Проблема, таким образом, шире и глубже. Она может быть сформулирована следующим образом: в ходе эволюции мировой науки о международных отношениях произошло размежевание между авторами, следующими рефлективистской традиции логико-интуитивного обоснования научных идей с опорой на качественный исторический анализ, и теми, кто придерживается рационалистских принципов моделирования с применением стандартизированного набора методов обработки данных для выявления вероятностных зависимостей и их последующей каузальной интерпретации. Преодоление этого размежевания стало преобладающим методологическим занятием и предметом осознанной озабоченности мирового сообщества международников начиная со «второго большого спора». О полном преодолении этого размежевания говорить вряд ли возможно. В этом смысле методологический «дуализм», который в начале 2000-х возвестил М.А. Хрусталёв [Хрусталёв 2008], пока так и остаётся лишь пожеланием в отношении мирового состояния дел в МО, не говоря о её российском сегменте. В Соединённых Штатах эта проблема была полемично поставлена в известной статье Дж. Миршай - мера и Ст. Уолта «Забывая о теории…», где авторы удачно передали суть обозначенного противоречия фразой «между теорией и тестированием гипотез» [Mearsheimer, Walt 2011], имея в виду, что речь фактически идёт о делении исследователей на тех, кто ищет причины наблюдаемых явлений и стремится к концептуальному раскрытию лежащих в их основе каузальных зависимостей, и тех, кто занимается эмпирическим подтверждением уже высказанных предположений о природе международно-политических феноменов. В упомянутой статье подробно освещена причина возникшего противостояния, в детали которого мы позволим себе не входить.

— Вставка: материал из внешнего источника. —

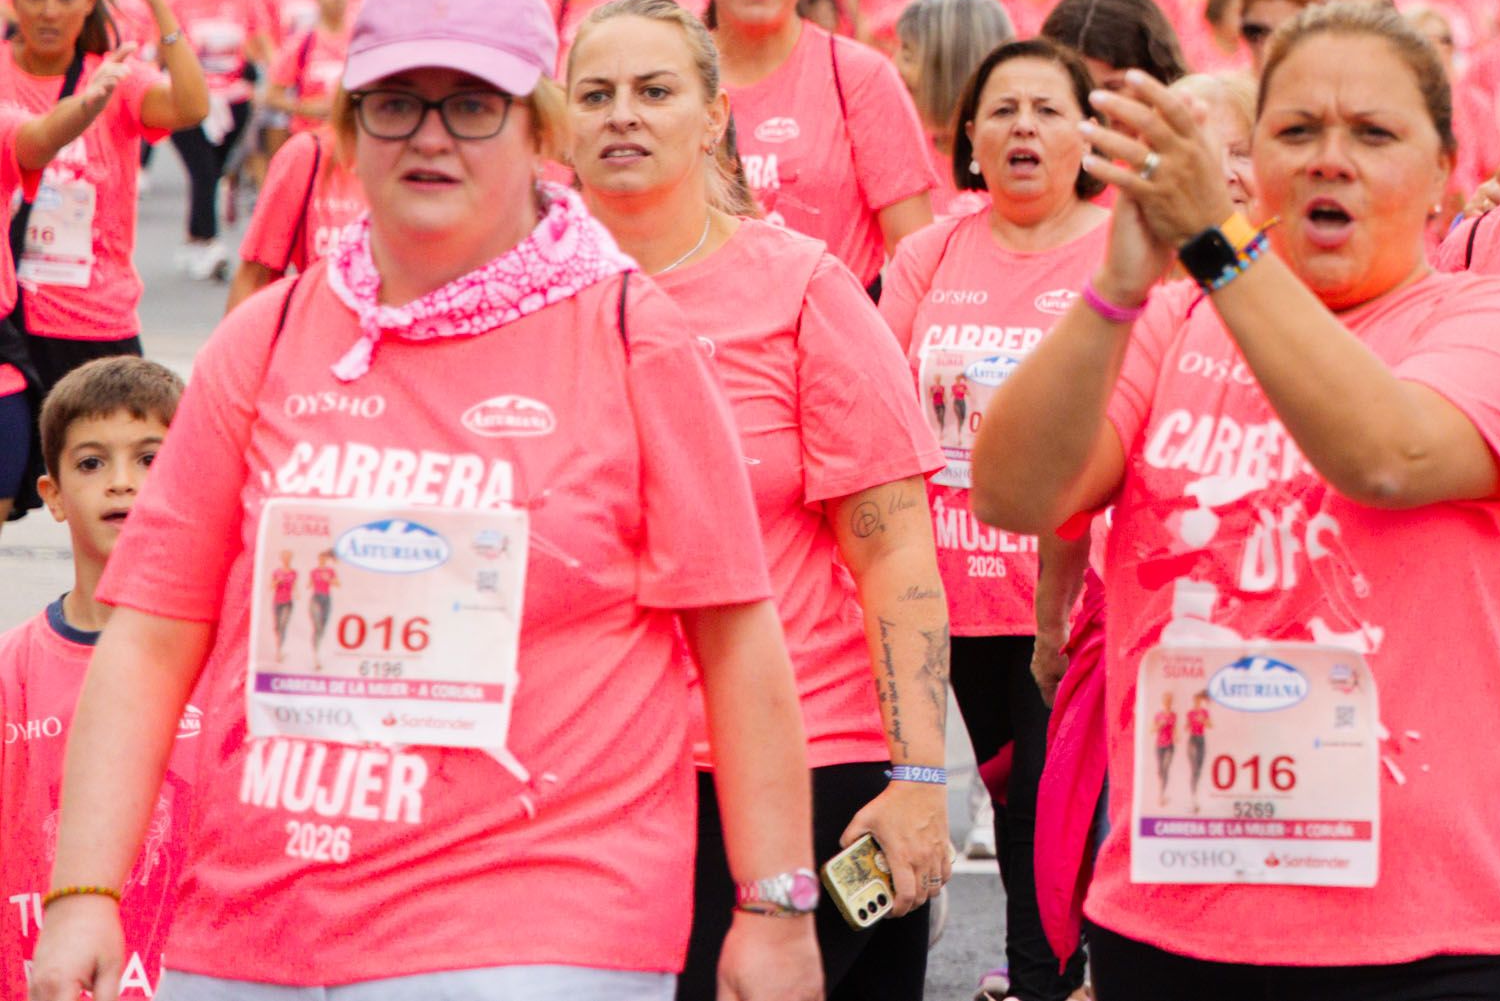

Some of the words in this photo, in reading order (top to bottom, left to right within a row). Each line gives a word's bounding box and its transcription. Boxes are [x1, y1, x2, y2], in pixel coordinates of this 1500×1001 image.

Другое дело, что в западном сообществе всё-таки сумели отыскать адекватные способы конвергенции двух методологических подходов на стадии инициации в профессию - аспирантских программ, освоение которых невозможно без овладения инструментарием индуктивного статистического моделирования и хотя бы первичного знакомства с дедуктивным формальным моделированием, основанным на математически обоснованном выведении логических следствий из минимального числа отобранных исходных допущений (аксиом). И это при том, что в дисциплине по-прежнему доминируют качественные исследования.

Между тем в России проблема методологического антагонизма сторонников количественных и качественных методов исследования изоморфна и имеет дополнительные существенные измерения. Дело в том, что для воспроизведения патологического состояния науки, описанного Миршаймером и Уолтом, у нас нет отмеченных ими условий, и прежде всего - массовых программ аспирантуры, на которых соискателей научной степени учат овладевать количественными методами работы с базами данных.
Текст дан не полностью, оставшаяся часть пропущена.